Annotated photo localization data
--*--

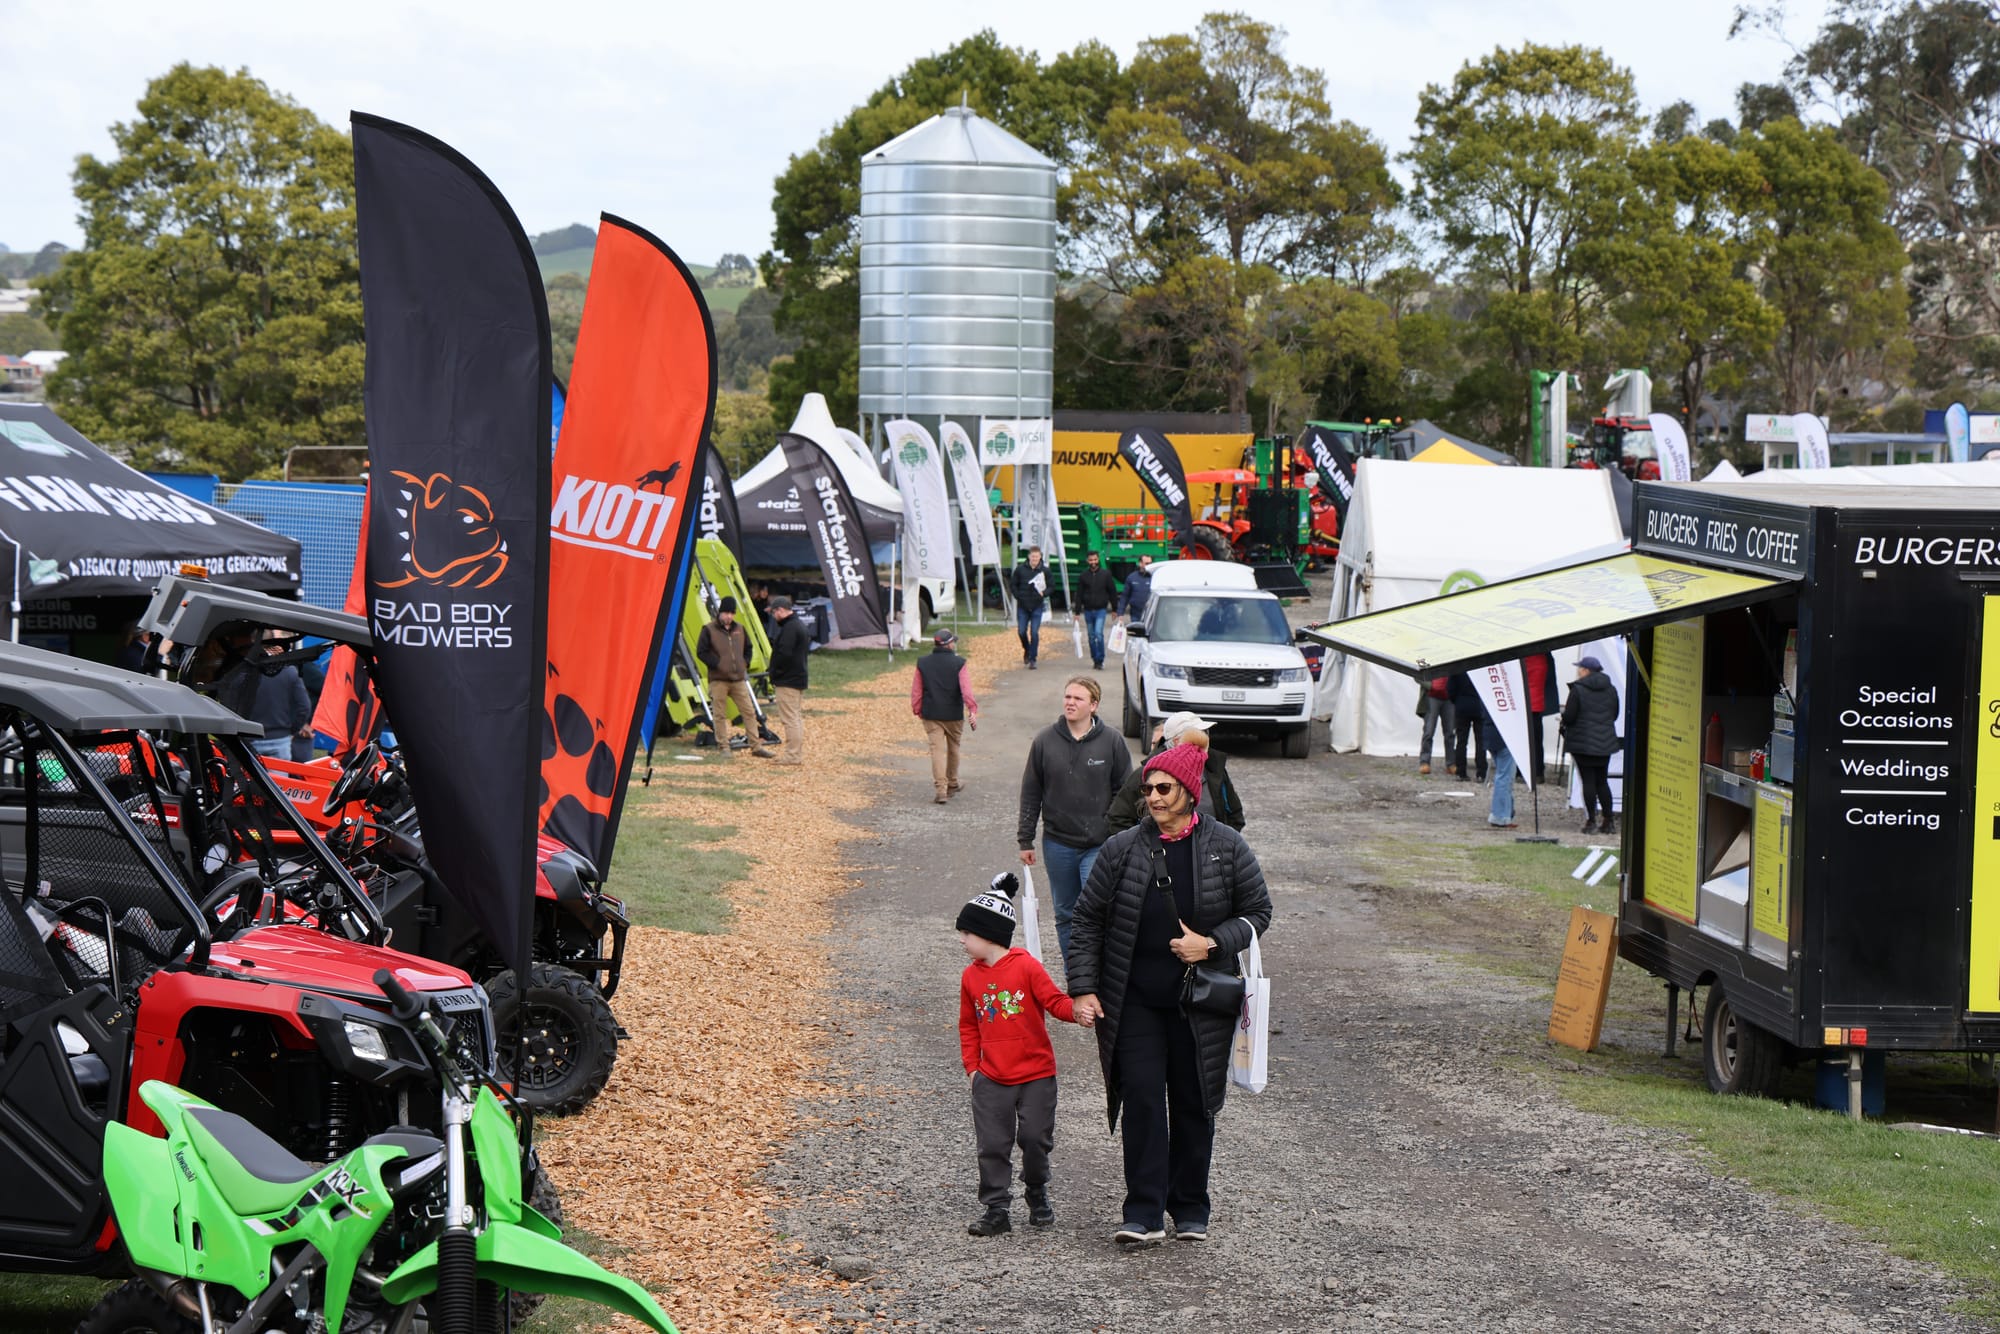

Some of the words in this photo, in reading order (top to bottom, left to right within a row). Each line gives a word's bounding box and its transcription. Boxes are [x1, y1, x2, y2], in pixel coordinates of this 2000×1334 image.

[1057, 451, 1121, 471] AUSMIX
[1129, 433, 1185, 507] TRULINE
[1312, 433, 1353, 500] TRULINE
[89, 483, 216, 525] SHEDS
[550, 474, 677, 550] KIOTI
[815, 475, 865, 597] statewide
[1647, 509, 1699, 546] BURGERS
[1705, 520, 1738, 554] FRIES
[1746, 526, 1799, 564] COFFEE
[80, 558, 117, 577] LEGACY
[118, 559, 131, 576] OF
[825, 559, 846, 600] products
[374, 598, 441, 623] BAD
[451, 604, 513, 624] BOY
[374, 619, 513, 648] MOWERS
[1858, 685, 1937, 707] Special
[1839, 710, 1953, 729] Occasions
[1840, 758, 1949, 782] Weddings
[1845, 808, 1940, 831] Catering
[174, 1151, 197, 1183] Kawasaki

--*--

Copy each entry above exactly; drop the pictures.

Some of the words in this photo, in reading order (top to bottom, left to right within a row). Each line gives a word's bounding box and its transcription. Boxes are [x1, y1, x2, y2], in pixel coordinates of this 2000×1334 image.

[1057, 451, 1121, 471] AUSMIX
[1129, 433, 1185, 507] TRULINE
[1312, 433, 1353, 500] TRULINE
[89, 483, 216, 525] SHEDS
[550, 474, 677, 550] KIOTI
[815, 475, 865, 597] statewide
[1647, 509, 1699, 546] BURGERS
[1705, 520, 1738, 554] FRIES
[1746, 526, 1799, 564] COFFEE
[80, 558, 117, 577] LEGACY
[118, 559, 131, 576] OF
[825, 559, 846, 600] products
[374, 598, 441, 623] BAD
[451, 604, 513, 624] BOY
[374, 619, 513, 648] MOWERS
[1858, 685, 1937, 707] Special
[1839, 710, 1953, 729] Occasions
[1840, 758, 1949, 782] Weddings
[1845, 808, 1940, 831] Catering
[174, 1151, 197, 1183] Kawasaki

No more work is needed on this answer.